Seeing the photos and getting my first glimpse at how Buffalo once was immediately triggered a love for and a desire to better understand, collect and share our area’s past when I first introduced to it by means of an old newspaper tucked into in grandma’s buffet drawer when I was in first or second grade.
Grandma’s buffet was piled high with every kind of crap imaginable, including, thankfully, old newspapers. The dining room buffet was only used for supper on holidays like Easter or Thanksgiving—even though she still called the evening meal “supper” when it was pizza from Pizza Shanty or fish frys from Trautweins on Seneca Street. That we’d eat in the kitchen off the Corelle “Butterfly Gold” brown-flowered plates which everyone’s grandma seemed to have in the 70s and 80s.
She’d entreat us to “sit in the parlor” when it got too crowded out in the kitchen, but mostly, Grandma liked people in that room where she seemed to live.
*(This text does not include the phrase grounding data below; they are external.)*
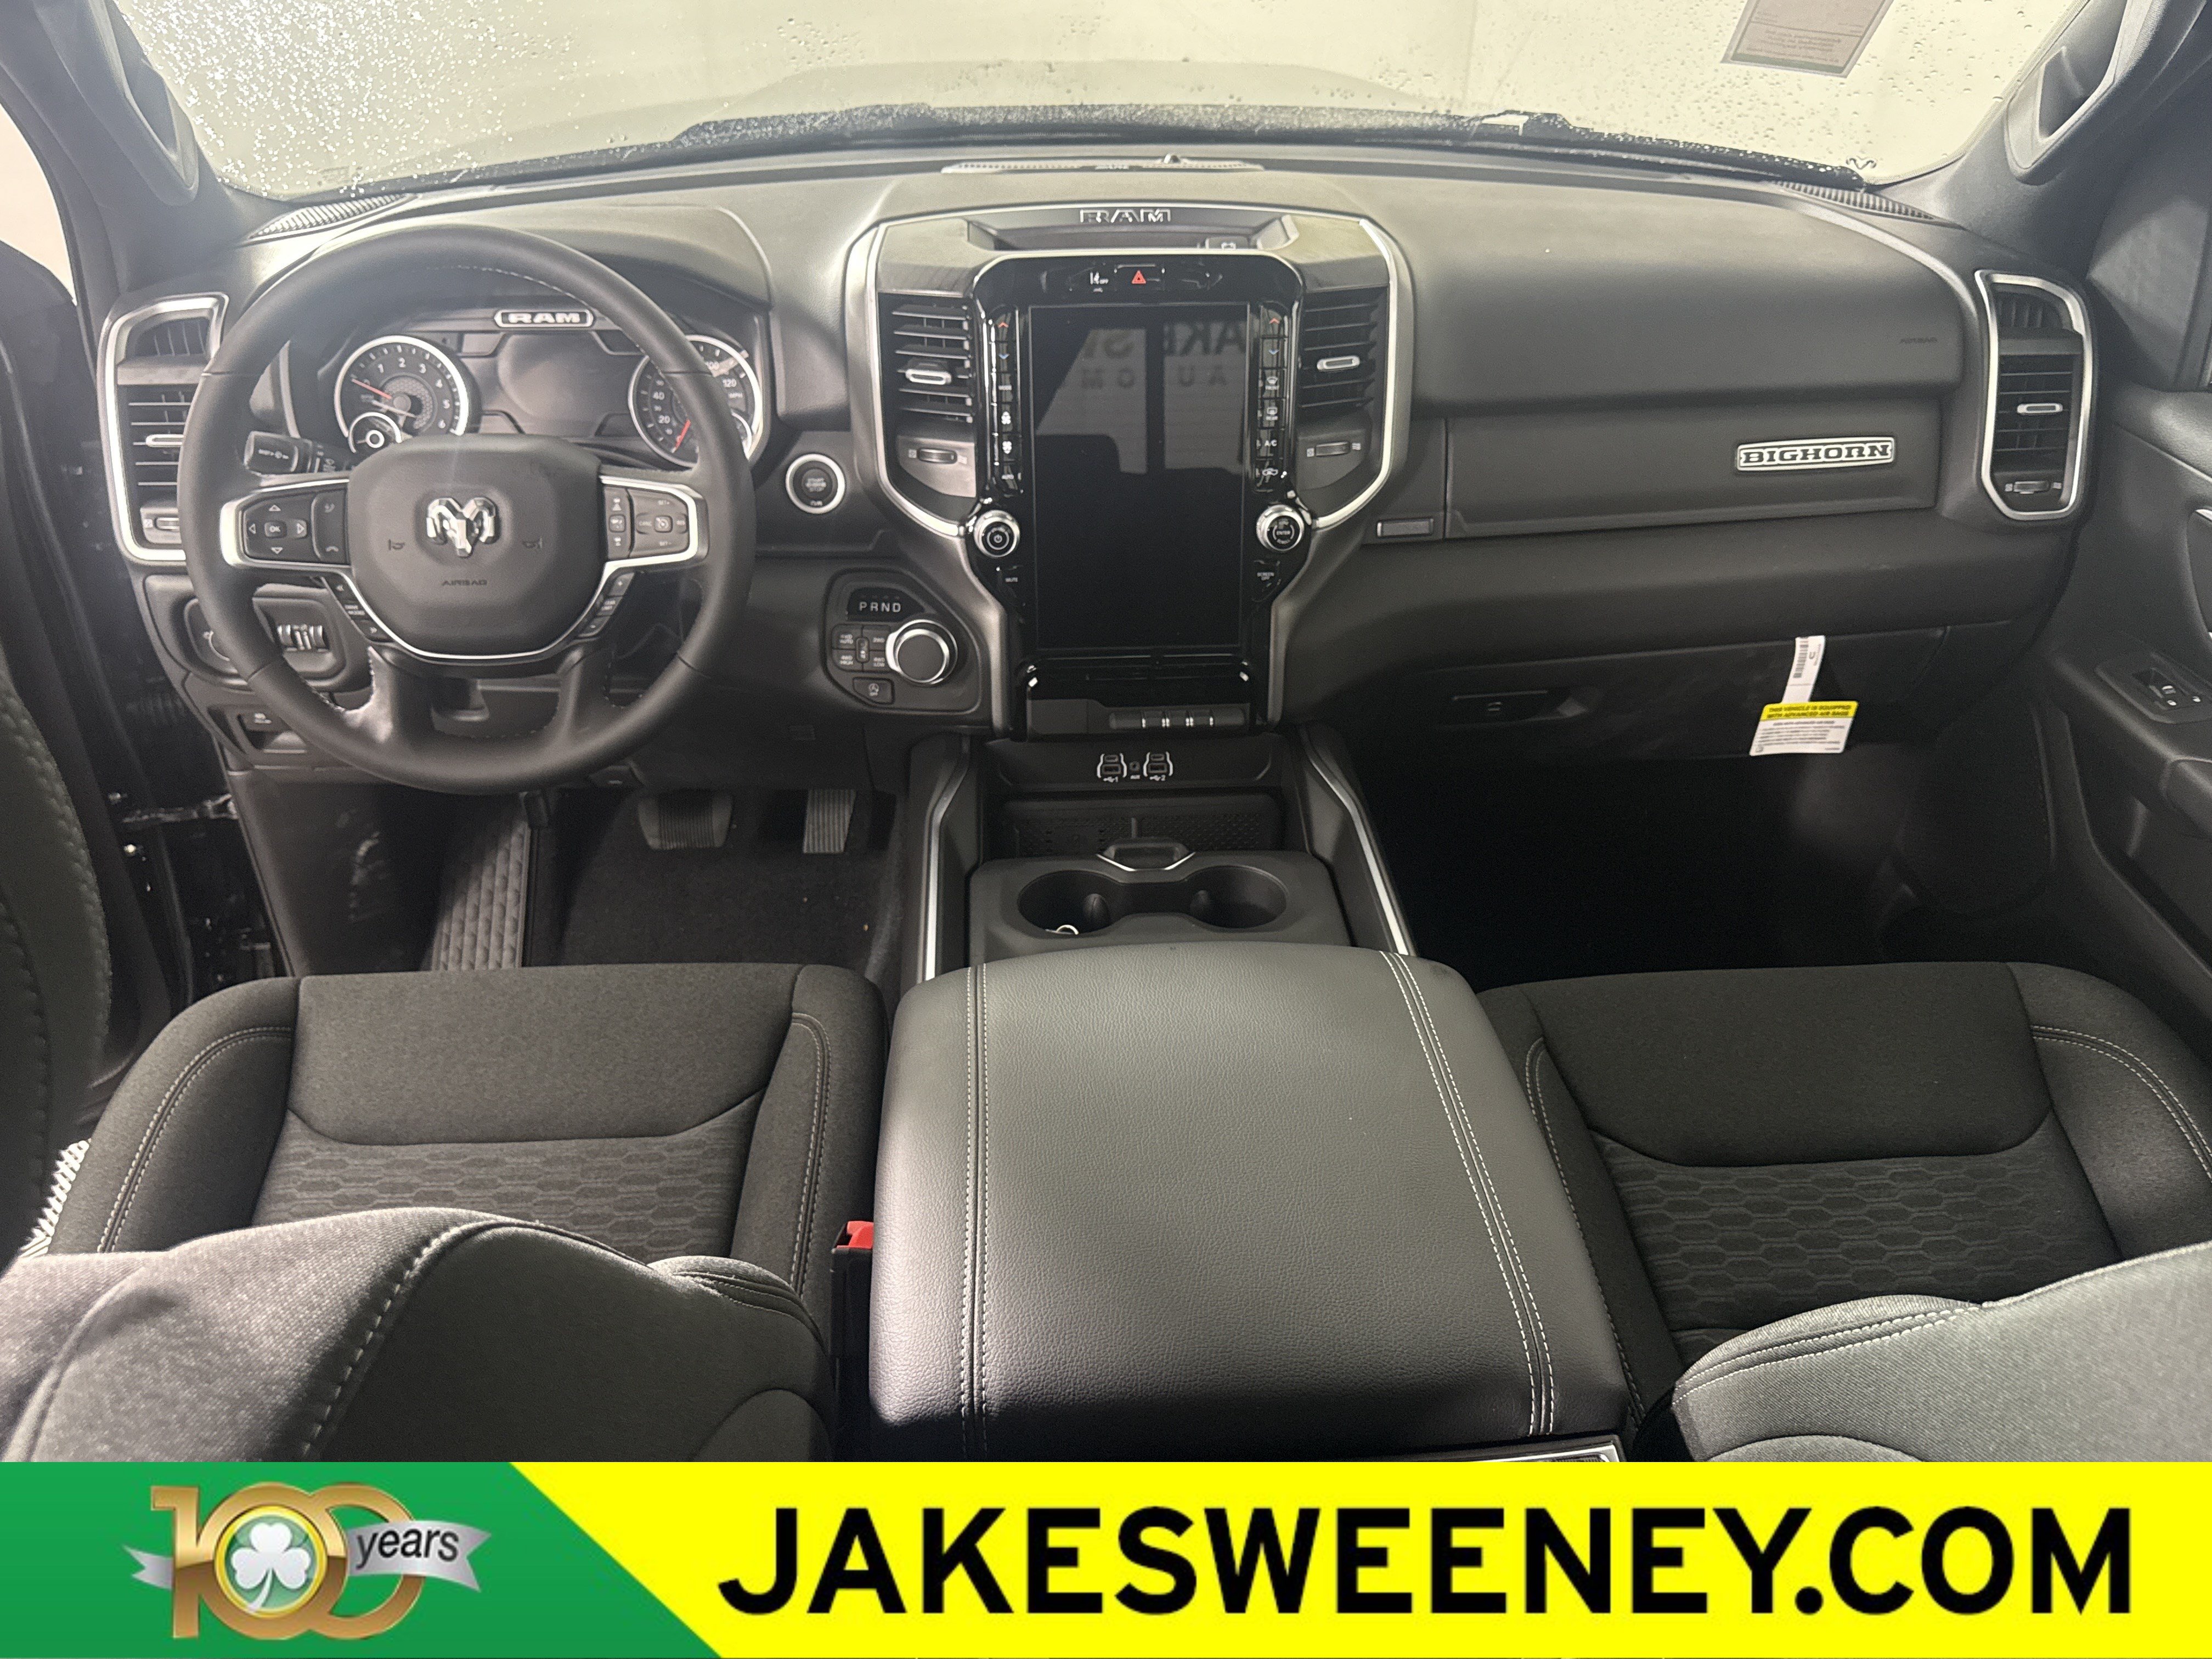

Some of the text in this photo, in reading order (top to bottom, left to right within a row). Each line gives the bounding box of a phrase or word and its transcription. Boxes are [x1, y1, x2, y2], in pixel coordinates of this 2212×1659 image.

[1079, 208, 1171, 223] RAM
[508, 313, 580, 323] RAM
[398, 357, 406, 368] 2
[377, 364, 384, 373] 1
[419, 363, 426, 374] 3
[722, 379, 737, 388] 120
[658, 414, 670, 424] 20
[1743, 445, 1891, 464] BIGHORN
[269, 525, 281, 533] OK
She sat at the far head of the table smoking Kools, drinking instant coffee, and watching Channel 17 on the little black-and-white TV in the corner of the kitchen counter.
The problem was she had ten kids, and all kinds of grandkids and all their friends and they’d all be in the kitchen when she was trying to cook.
“Everyone into the parlor!” she’d say in her high, breathy, asthmatic voice… There were often so many people for dinner, she’d say “small bums on the board!” She had a piece of wood that she’d put across two chairs, and three or four of our tiny bums would fit on there.
We’d all sit there waiting for Gramps to get home from work– The front door was a straight shot to his seat at the head of the table. He’d walk in, put his coat on the banister, sit down and say the fastest grace ever– “BlessOLordgiftsboutreceiveChristLordAmen.”
It came out as one word, but it was prayer, and that’s how our meals were blessed at Grandma Cheehoyn’s house.
Paging through this old Sunday insert still leaves me with a great yearning to understand how things used to be, and why these old ways are important to us now and in the future. The News Magazine and its progeny have enlightened and inspired me for as long as I’ve been able to read, as have Grandma Cichon and all the other great storytellers who have been a part of my life…
And since thinking and writing about this, I’ve had the insatiable urge for instant coffee. Like I did for grandma so many times, I think I’ll turn on the kettle– but unlike at Grandma’s, I don’t think there’s anyone here who’s going to light a smoke off the gas flame of the stove as the water boils.